Behind the main post office in Modesto, there’s a large parking area surrounded by a cyclone fence. Along with a small fleet of mail delivery trucks, postal workers also park their trucks, cars, and motorcycles there. During business hours, the gate to this area is normally left wide open because mail trucks enter and exit throughout the day. Given the tenor of the times, the open gate represented a significant security issue because, for some anti-government types, the Post Office played a key role in what they considered a conspiratorial shadow government. On the other hand, several strategically placed security cameras recorded everything that happened in the parking lot.
The surveillance recording showed two armed men in baseball caps entering the post office parking lot during the dark early morning hours. They used their caps to conceal their faces because they appeared to know where the security cameras were. They would’ve been able to gain access to the rear entrance of the building, but one of them slipped on a spot of motor oil and fell hard onto the cement floor of the parking lot. His face now exposed, he screamed out in pain, “Ow! Earl! Shit man, I think I broke something; help me get up. We need to abort; come on.”
Video of the incident shows the smaller of the two men struggling to help his companion leave the parking lot, but the police, alerted by the security system’s automatic response technology, arrived on the scene before they took a few steps toward the exit.
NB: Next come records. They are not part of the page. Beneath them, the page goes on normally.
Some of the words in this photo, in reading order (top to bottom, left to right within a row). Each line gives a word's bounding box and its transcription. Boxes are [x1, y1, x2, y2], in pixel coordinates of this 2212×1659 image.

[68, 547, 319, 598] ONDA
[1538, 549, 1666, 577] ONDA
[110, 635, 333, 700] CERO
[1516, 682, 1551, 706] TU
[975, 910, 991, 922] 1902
In the ambulance, the injured one, now strapped securely to a gurney, received treatment for a fractured elbow, specifically an olecranon fracture. Sedated at the hospital, he was not interrogated by the authorities for several hours.
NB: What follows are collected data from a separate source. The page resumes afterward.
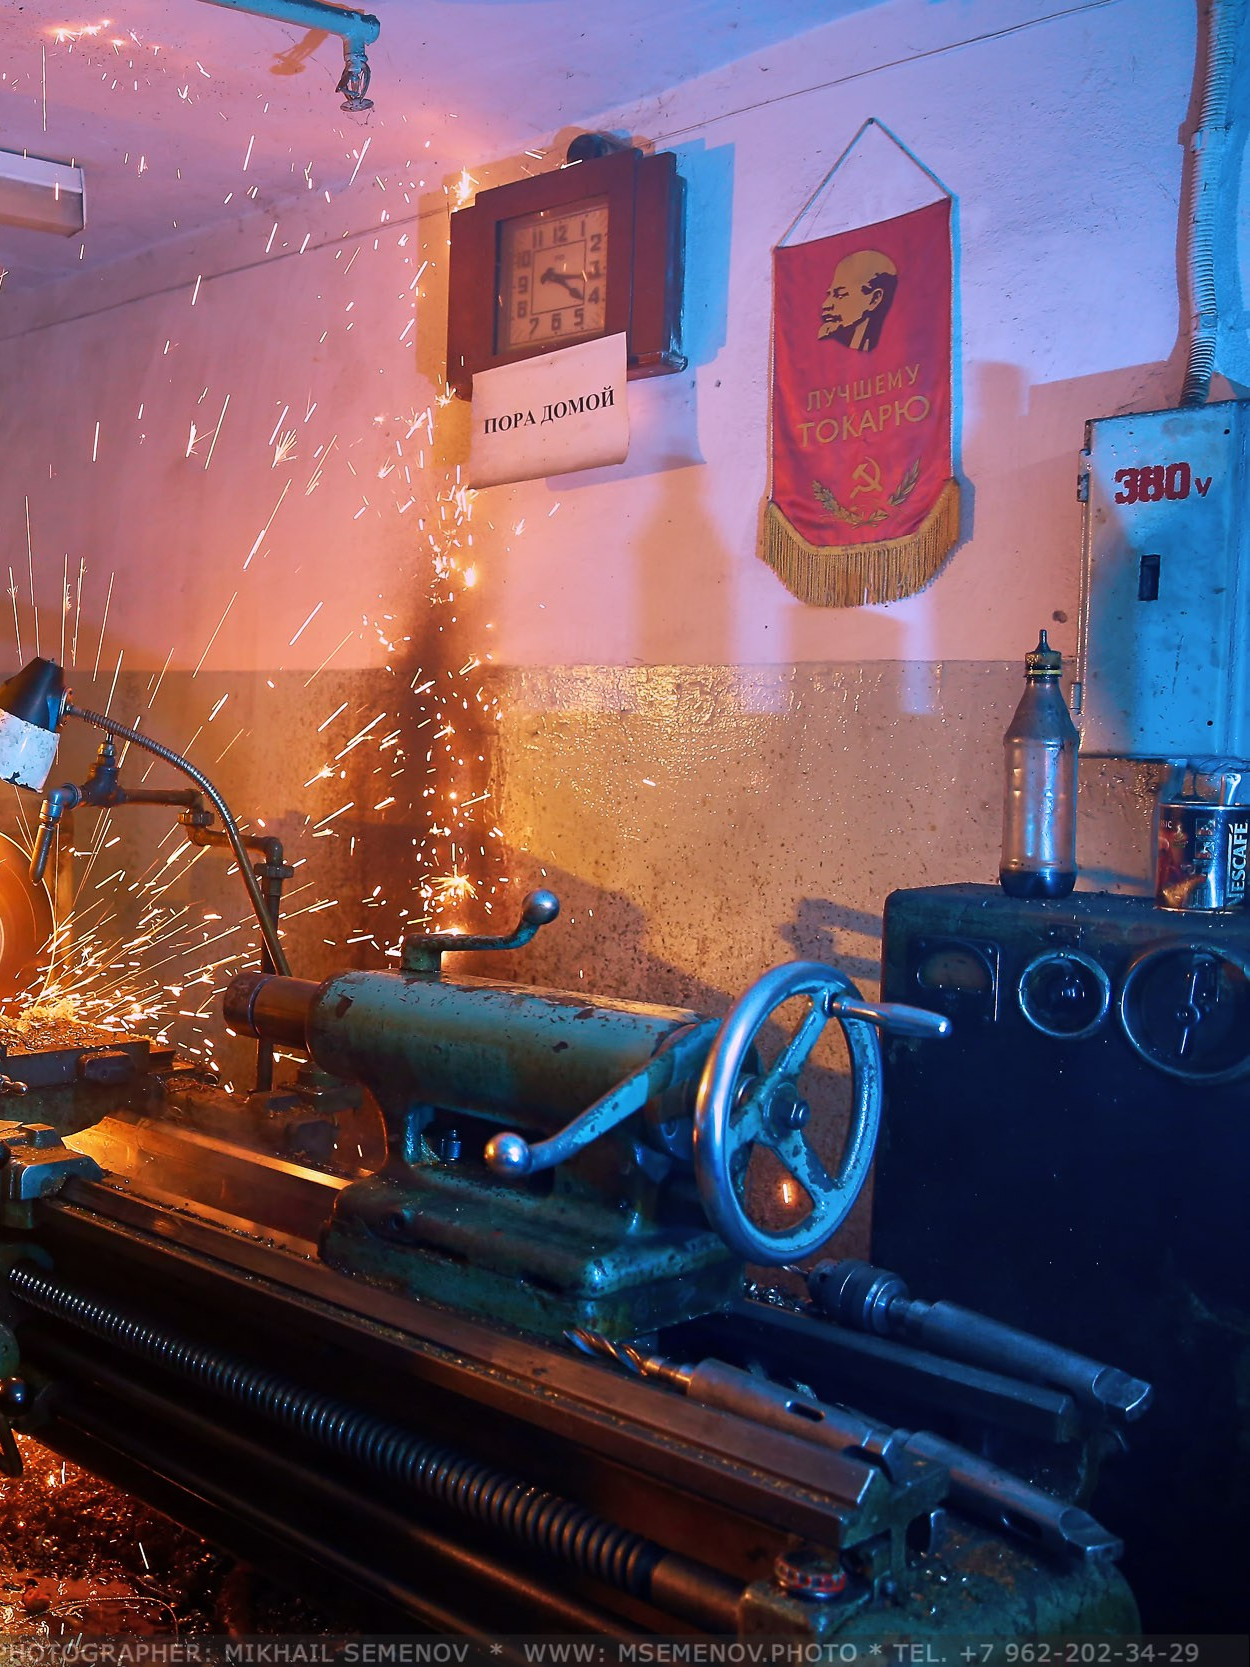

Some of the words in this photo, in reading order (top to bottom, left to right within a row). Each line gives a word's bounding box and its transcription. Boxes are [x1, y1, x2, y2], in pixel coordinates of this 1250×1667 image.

[553, 225, 568, 244] 12
[580, 220, 586, 237] 1
[533, 229, 543, 249] 11
[590, 233, 602, 252] 2
[517, 250, 530, 268] 10
[518, 276, 528, 294] 9
[588, 286, 600, 304] 4
[517, 301, 528, 319] 8
[574, 308, 584, 326] 5
[529, 318, 539, 336] 7
[551, 312, 561, 331] 6
[806, 363, 921, 412] ЛУЧШЕМУ
[484, 410, 536, 434] ПОРА
[541, 385, 615, 425] ДОМОЙ
[797, 395, 931, 448] ТОКАРЮ
[1114, 462, 1191, 505] 380
The police determined that Carl Jay and Earl Lee Watson were siblings who succumbed to one of the prevailing political fantasies of the day. Both believed the United States Post Office played a significant role in a vaguely defined conspiracy designed to deceive and oppress the people of the United States. They were convinced that the postal service maintained a secret communications network created for this purpose, part of what they called the “deep state.” As “grab-bag” radicals, it made no difference to them whether any extant objective evidence supported their assumptions and conclusions. They told law enforcement officials that they were on a mission to “locate and destroy” a node of this non-existent secret communications network.
Later that evening, the officers who made the arrest sat around a table at a local bar. Three local cops and a couple of guys from the Postal Inspection Service discussed the incident at the main post office in Modesto from earlier that day.
“Hey,” one of them said, “Can you believe those two clowns?”
One of the Postal Inspector Service guys said, “As far as we’ve been able to tell, these knuckleheads are what we call ‘grab-bag’ radicals. To tell the truth, if they were younger, we’d just call them a couple of crazy mixed-up kids, but these two guys are in their thirties with jobs and families to support. Well, children to support, anyway. I mean, both of them are divorced and estranged from their parents.”
“Really? They don’t even talk to their folks?”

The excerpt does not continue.